As stay-at-home orders swept across the country, shoppers rushed to grocery stores and stocked up on staples, among them eggs. This spike in demand has boosted egg prices, and likely will for some time.

On March 2, the Urner Barry wholesale benchmark for a dozen conventional California shell eggs was $1.55. By March 27, the benchmark rose to $3.66, where it remained for several days before decreasing slightly to $3.26.

That means higher costs for retailers — and also shoppers. The California Grocers Association described it as one of the largest increases in a while.

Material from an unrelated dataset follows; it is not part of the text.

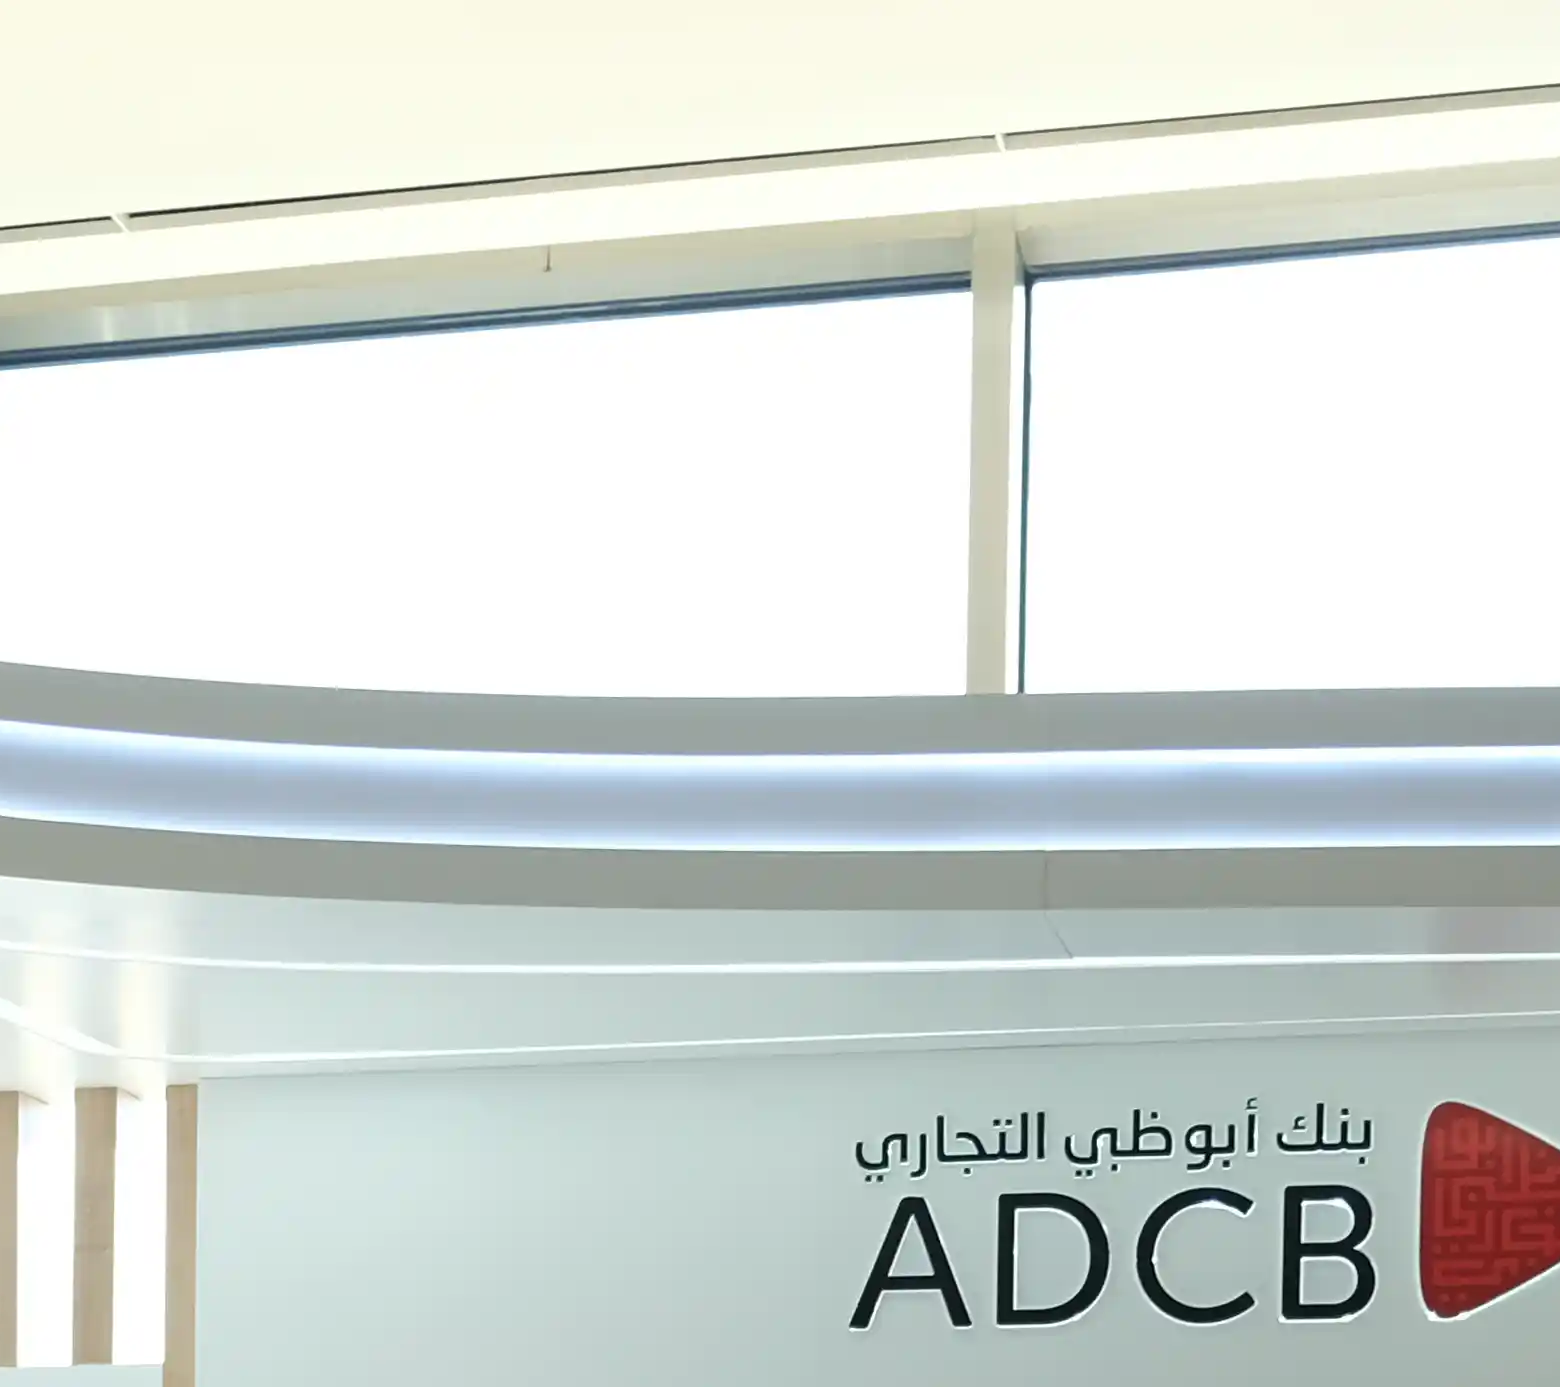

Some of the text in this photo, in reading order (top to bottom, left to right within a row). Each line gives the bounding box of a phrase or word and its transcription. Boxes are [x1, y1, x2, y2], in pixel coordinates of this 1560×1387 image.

[855, 1097, 1372, 1183] بنك أبوظبي التجاري
[848, 1185, 1377, 1330] ADCB

"We are still receiving eggs in our shipments, but egg supply fluctuates and not all brands may be available every week," said Hy-Vee spokeswoman Christina Gayman.

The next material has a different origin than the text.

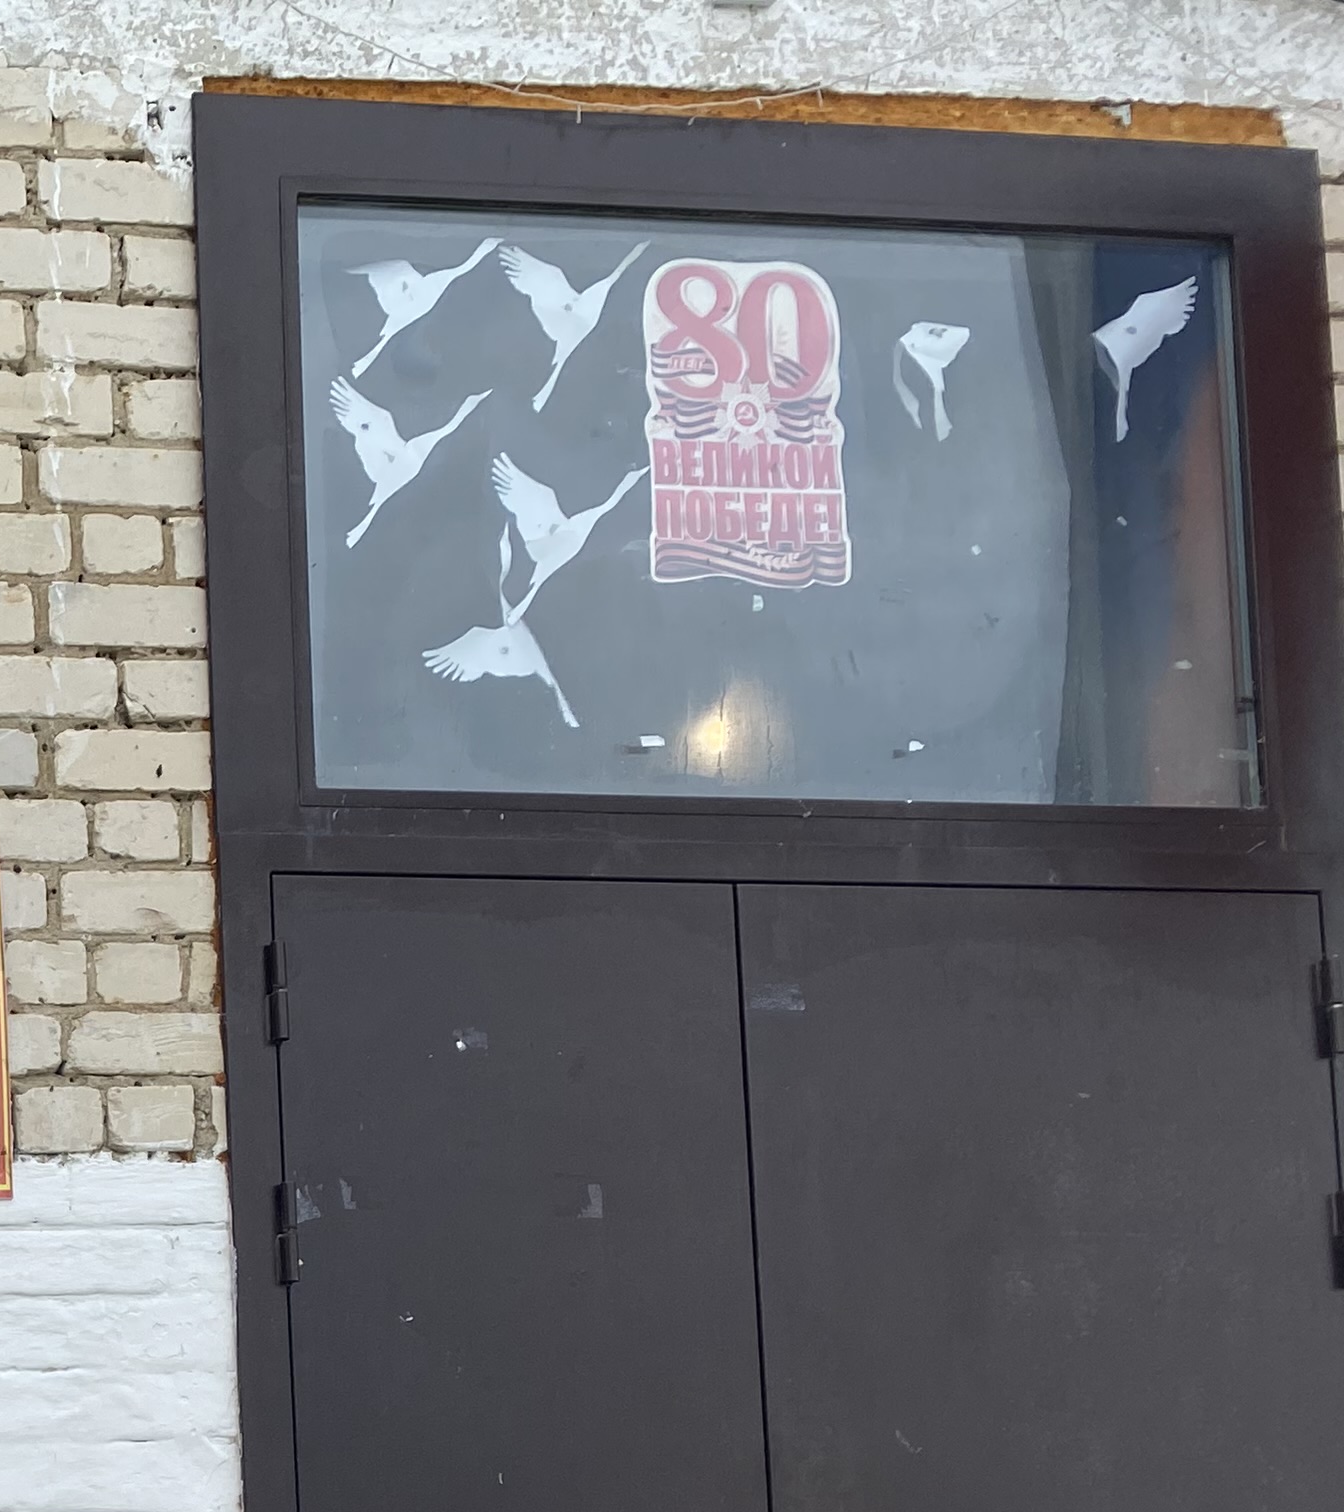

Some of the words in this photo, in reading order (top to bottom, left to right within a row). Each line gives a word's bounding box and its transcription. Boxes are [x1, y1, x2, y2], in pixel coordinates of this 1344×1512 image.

Lunds & Byerlys also said it had an ample supply heading into a holiday weekend.

Agricultural experts describe the price increase as a lesson in supply and demand.

There's only a fixed number of eggs available on any given day — you can't squeeze an unlimited number of eggs out of a chicken, and it can take months to buy more hens and build more coops for them.

In the meantime, shoppers are clamoring for extra cartons as they aim to limit grocery runs amid the coronavirus pandemic.

Some retailers have purchased double or even six times their usual orders of eggs, said Brian Moscogiuri, director with Urner Barry and an analyst covering the egg and egg product markets. To try to keep eggs in stock, some stores posted limits on the number of egg cartons customers could buy.

That's the case at Beachwood Market in the Hollywood Hills, Calif., where owner Alex Papalexis said he had to limit customers to one carton per household.

Many restaurants and hotel kitchens are closed, meaning eggs destined for diners' dishes could now be diverted to store shelves, Papalexis said.

"There's a question there." Papalexis said. "Why would they have to raise their rates?"

Prices for eggs certainly have risen more than 10% in many markets, but it's hard to gauge all of the factors that might contribute to that increase, said Diana Winters, assistant director of the Resnick Center for Food Law and Policy at the UCLA School of Law.

For example, restaurant closures could mean egg producers need to divert their supply to grocers, and that change in distribution and additional packaging comes with a cost.

"Eggs are naturally, very often, one of the most price variable products in the supermarket," said Daniel Sumner, University of California, Davis professor of agricultural economics and director of the UC Agricultural Issues Center.

Jesse Laflamme, chief executive of New Hampshire-based Pete and Gerry's Organic Eggs, said his freight costs have gone up since the coronavirus pandemic because there are not enough refrigerated trucks to transport all of the fresh goods now in high demand.

Egg prices could remain elevated for at least a few months, Sumner said. And the demand for eggs has been historically strong during tougher economic stretches. Eggs are a relatively cheap source of protein and aren't seen as a luxury food item.

"It may take longer to get back to normal for the egg business," he said. "We can build supply, but it takes a few months."